The riches being made by investors in equities of the three quoted banks are ridiculously unbelievable. Up to close of business last week HSBC Malta shares are up YTD 76 per cent, Bank of Valletta shares are up YTD 53 per cent and Lombard Bank shares are up YTD 65 per cent.

These gains are in addition to the sizeable dividends which they have distributed. While all the banks reported a strong increase in operating profits, only possible, at least in part, due to their dominant position, nothing can really provide a strong argument for the size of the capital gains experienced.

In a very narrow and illiquid capital market like ours, the risk is greater for the market to over or under shoot beyond what is reasonable and sustainable. My personal feeling is that the market has now entered a distinctly overshooting range which discounts irrationally huge future profit growth of the three banks.

Investors had better beware and ask themselves by what logic is the HSBC Malta share price trading at 23 times earnings per share, when HSBC’s parent’s share price trades internationally at 12.7 times earnings, as do most shares of other strong and highly profitable international banks.
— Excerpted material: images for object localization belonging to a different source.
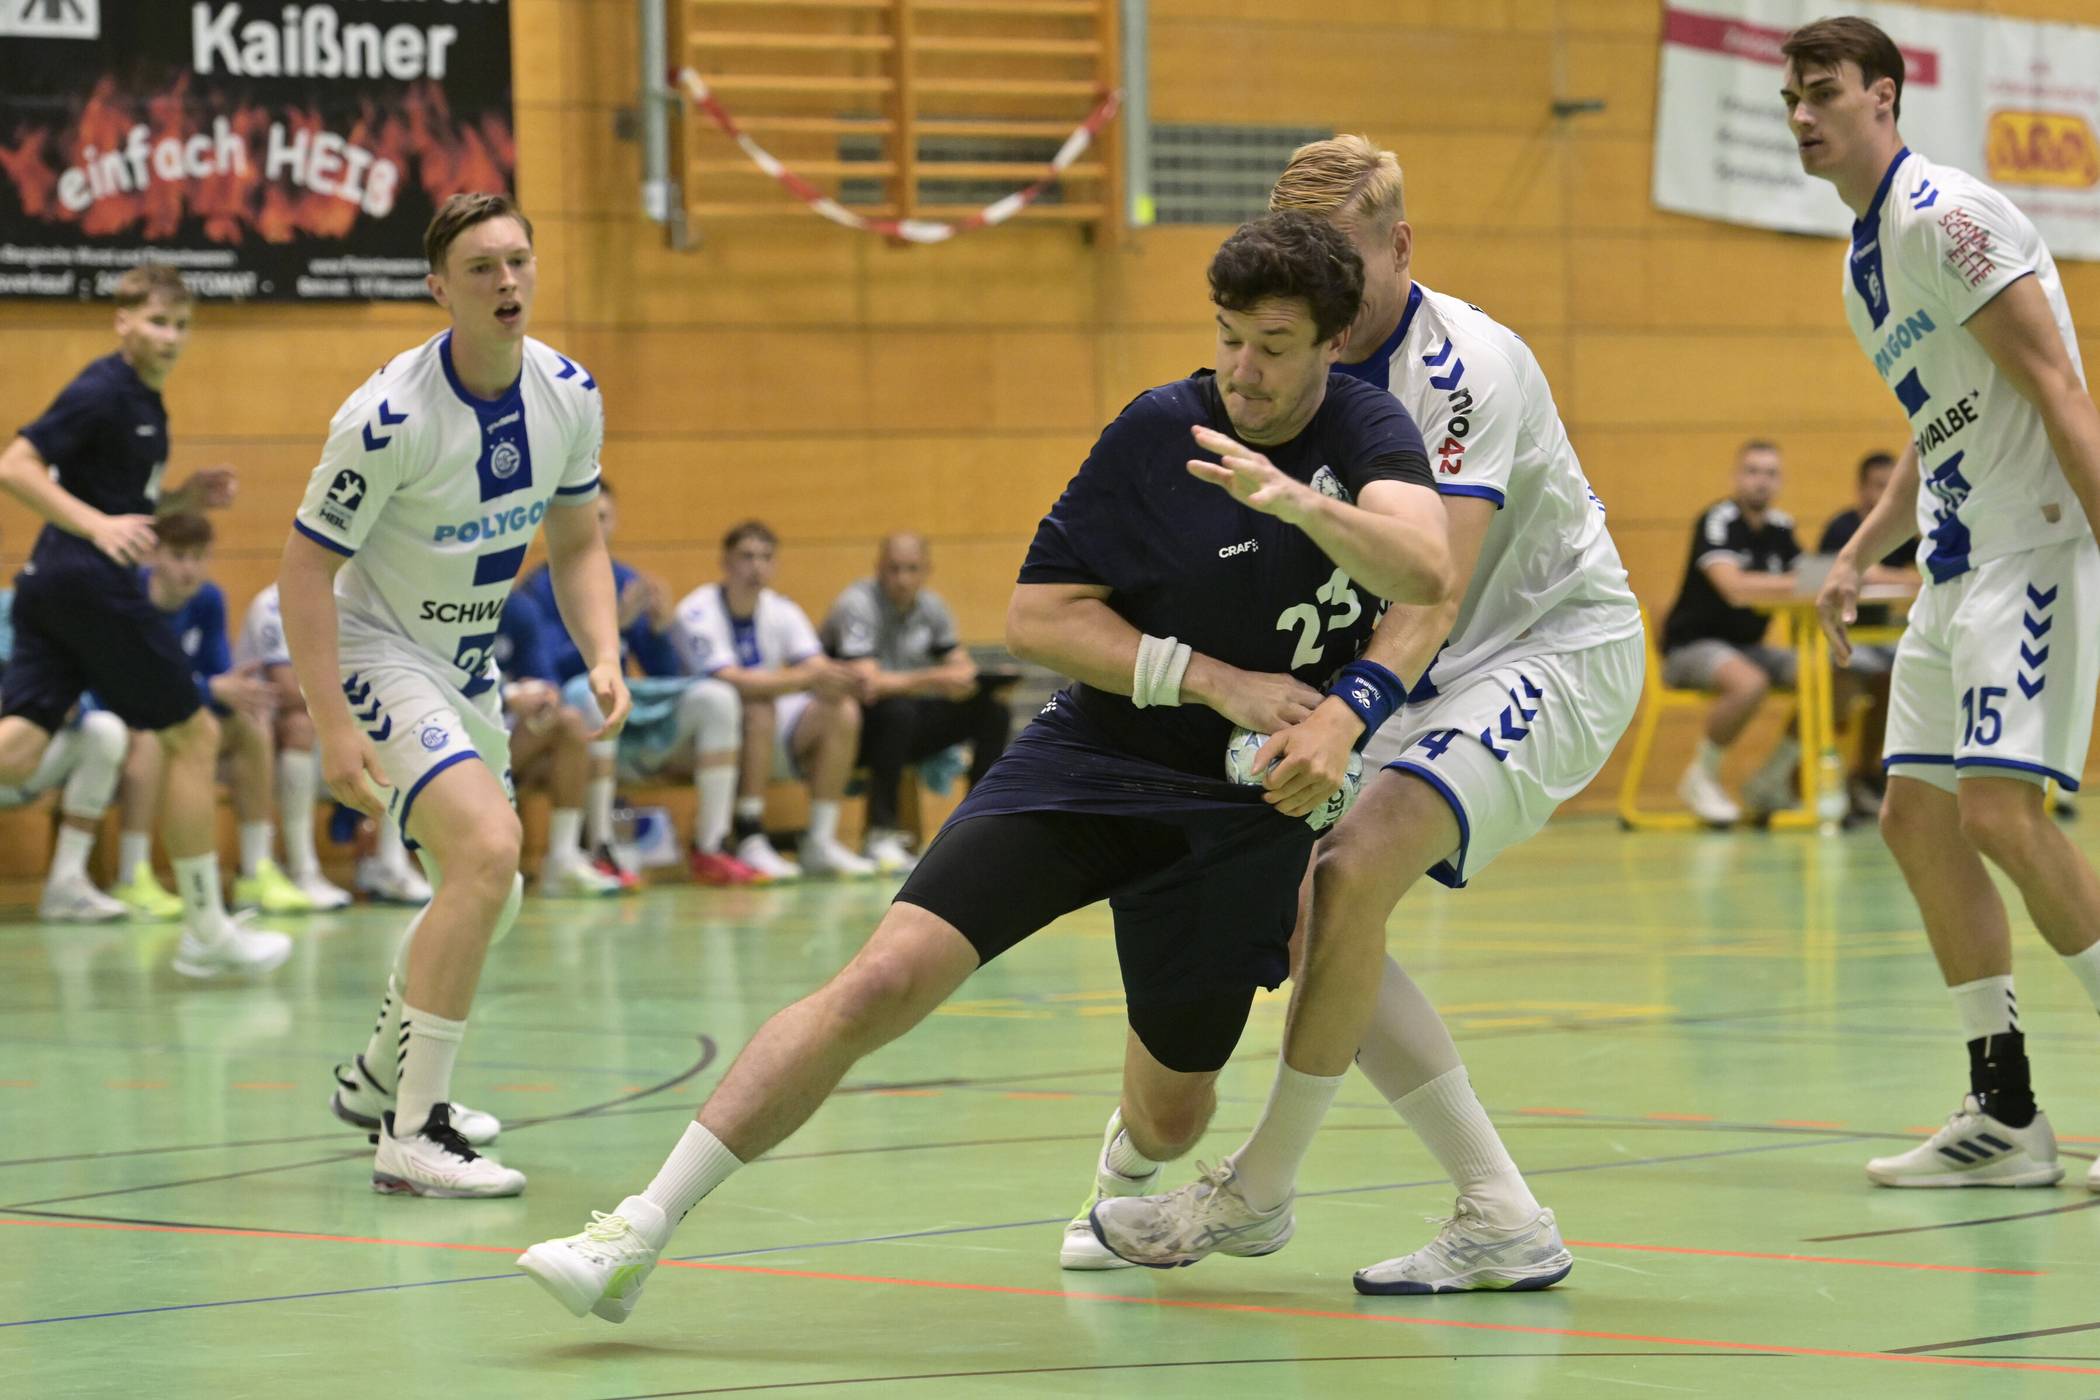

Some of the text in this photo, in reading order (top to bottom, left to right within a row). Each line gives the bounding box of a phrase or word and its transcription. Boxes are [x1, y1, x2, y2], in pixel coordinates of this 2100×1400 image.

[193, 4, 457, 79] Kaißner
[57, 116, 247, 212] einfach
[433, 500, 552, 544] POLYGO
[1276, 567, 1361, 671] 23
[1354, 676, 1381, 701] hummel
[1961, 686, 2008, 747] 15
[1417, 727, 1464, 761] 4
Which serious bank is going to invest in the Bank of Valletta privatisation at these high multiples?

One could irresponsibly argue that the market knows best and that the market is always right. But even if one does that, the point arises whether such speculative riches should continue to go untaxed when others are suffering factory closure rags.

Taxation is a delicate matter and should not be tampered with to suit particular circumstances, because it could destroy the confidence that is so necessary to safeguard the integrity of our financial markets. But the argument for higher taxation of banks that are registering profit growth through the strength of their dominant position is growing stronger. If not a windfall tax – which I dislike – then a special profit surtax for operators who enjoy a dominant position should certainly be within the realms of the possible.


Sunday, 13 November 2005

How to make simple things complicated

The Malta Independent on Sunday

I am always extremely suspicious when budget measures get immediately revised, refined or, more exactly, re-fudged. It shows insufficient foresight and inability to think through such measures before they are announced. Typical is Labour’s 1998 hikes in utility tariffs which shortly after being announced were opened for revision through endless negotiations with the unions.
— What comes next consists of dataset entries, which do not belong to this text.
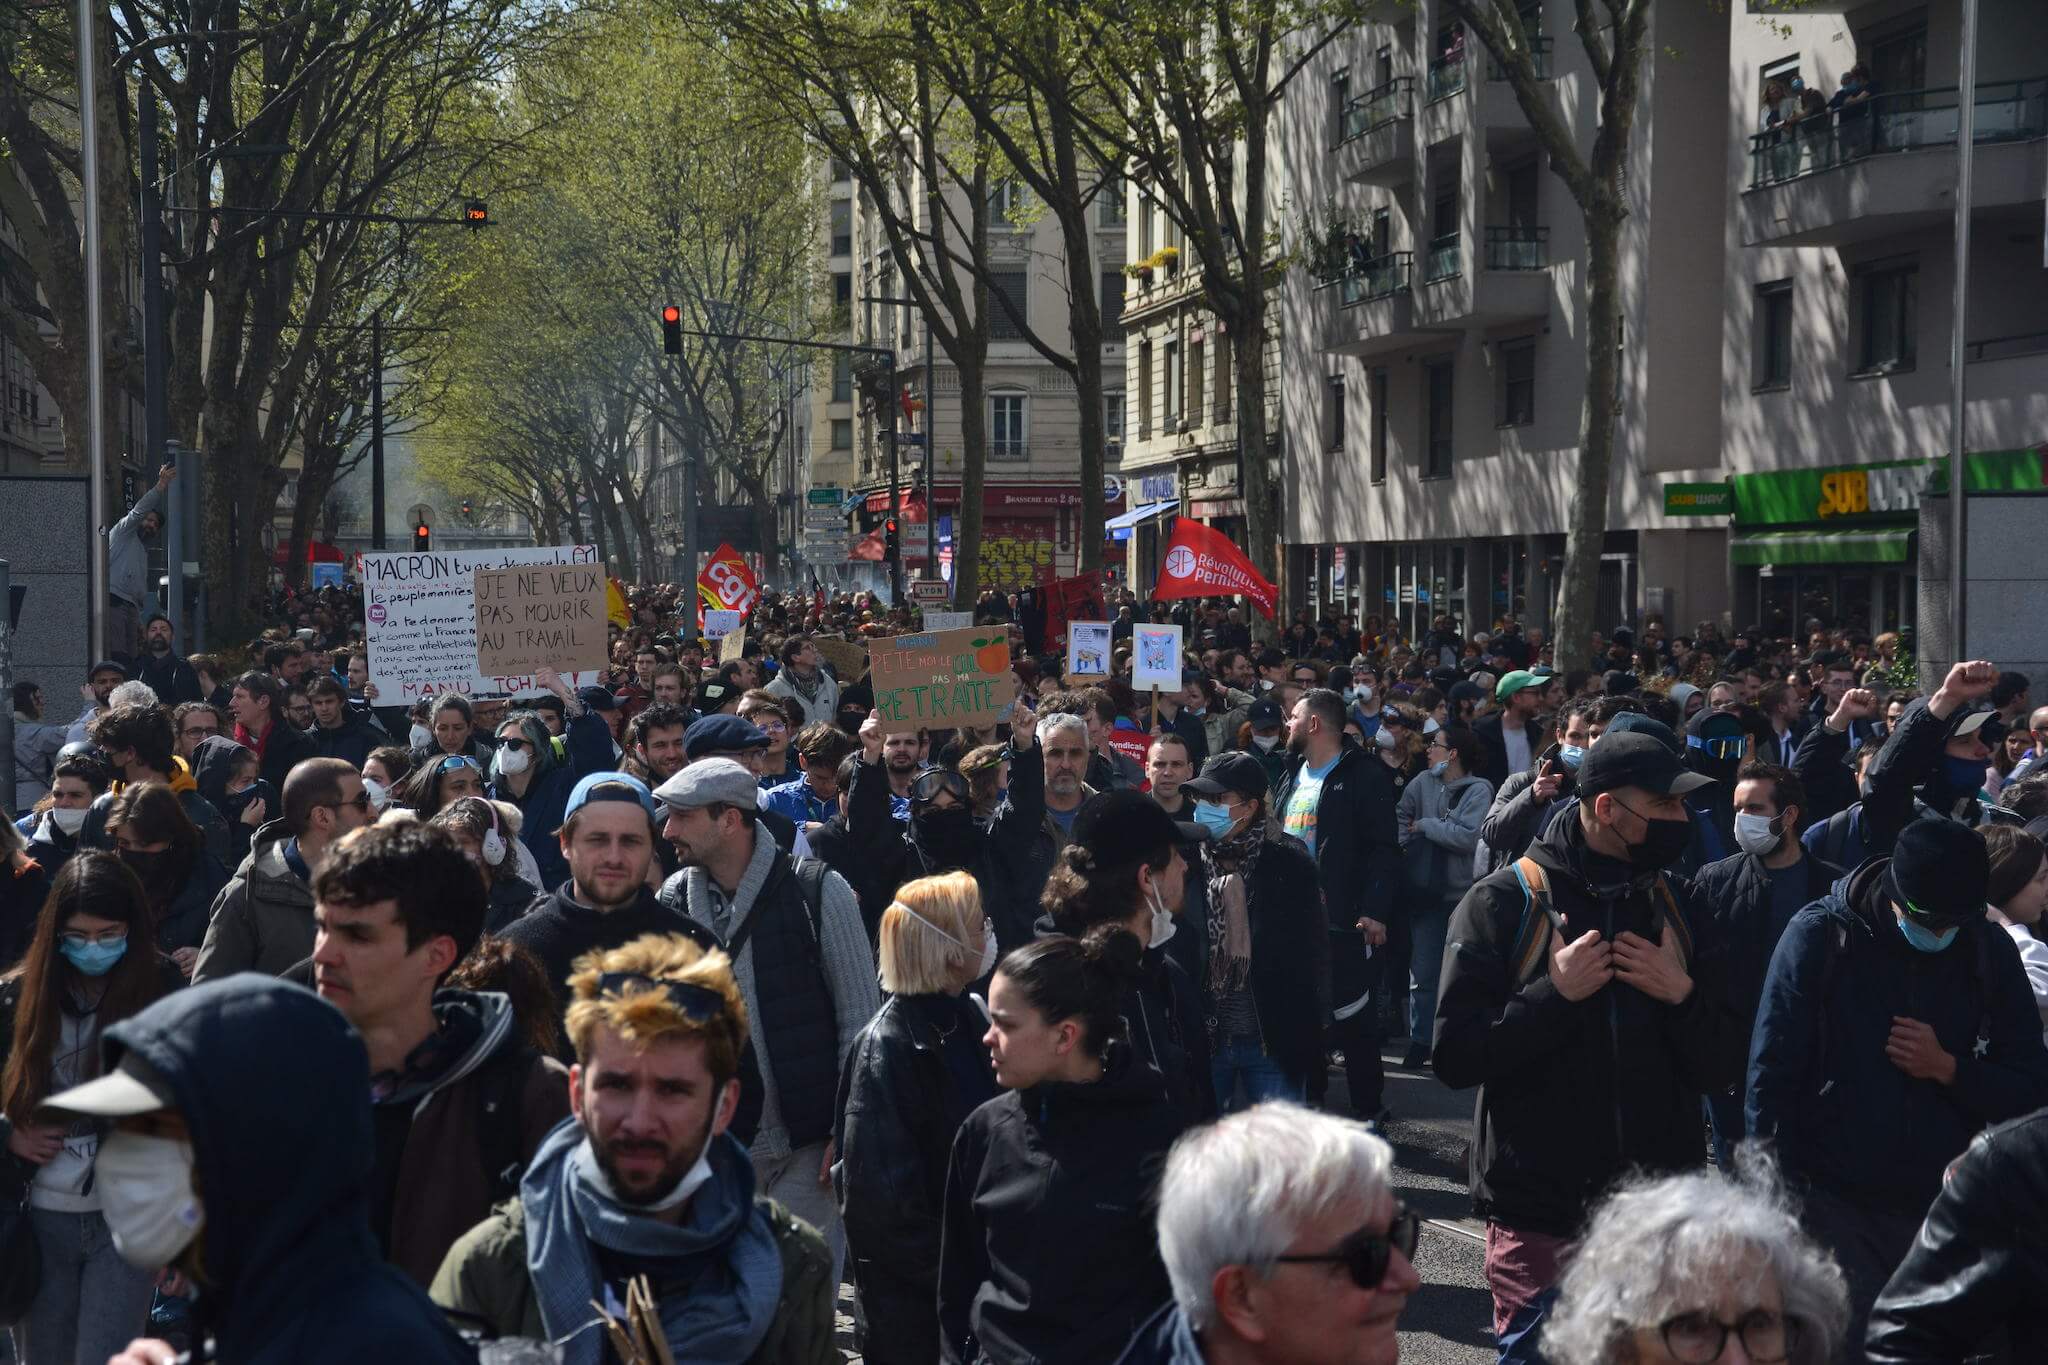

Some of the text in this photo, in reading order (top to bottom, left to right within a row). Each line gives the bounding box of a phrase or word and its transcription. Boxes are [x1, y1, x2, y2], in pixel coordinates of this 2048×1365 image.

[1669, 493, 1727, 505] SUBWAY
[1818, 464, 1933, 518] SUBWAY
[365, 555, 448, 580] MACRON
[479, 570, 601, 600] JE NE VEUX
[708, 562, 758, 613] CGT
[919, 587, 943, 595] LYON
[480, 597, 594, 625] PAS MOURIR
[480, 625, 585, 651] AU TRAVAIL
[406, 652, 478, 663] embaucheron
[402, 681, 472, 699] MANU
[931, 673, 970, 684] PAS MA
[875, 679, 1001, 721] RETRAITE
When such measures are tax related than the fudge is bigger. Because taxation is a delicate matter. Effective, fair and understandable taxation depends on consistency of principles and equity in treating taxpayers equally and fairly. If taxation policies start discriminating amongst tax payers in an irrational manner then taxation loses its moral authority and evaders will even find moral justification for their wrong-doing. Such fudges unfailingly give a boost to tax evasion.

Good housekeeping typical of effective leadership is to think all measures through well before announcing them and then stick to what is decided come hell or high water. Whilst prior consultation is commendable, taxation measures cannot be kept open for negotiation after their being announced. Not even a majority referendum can overturn a legislated fiscal measure.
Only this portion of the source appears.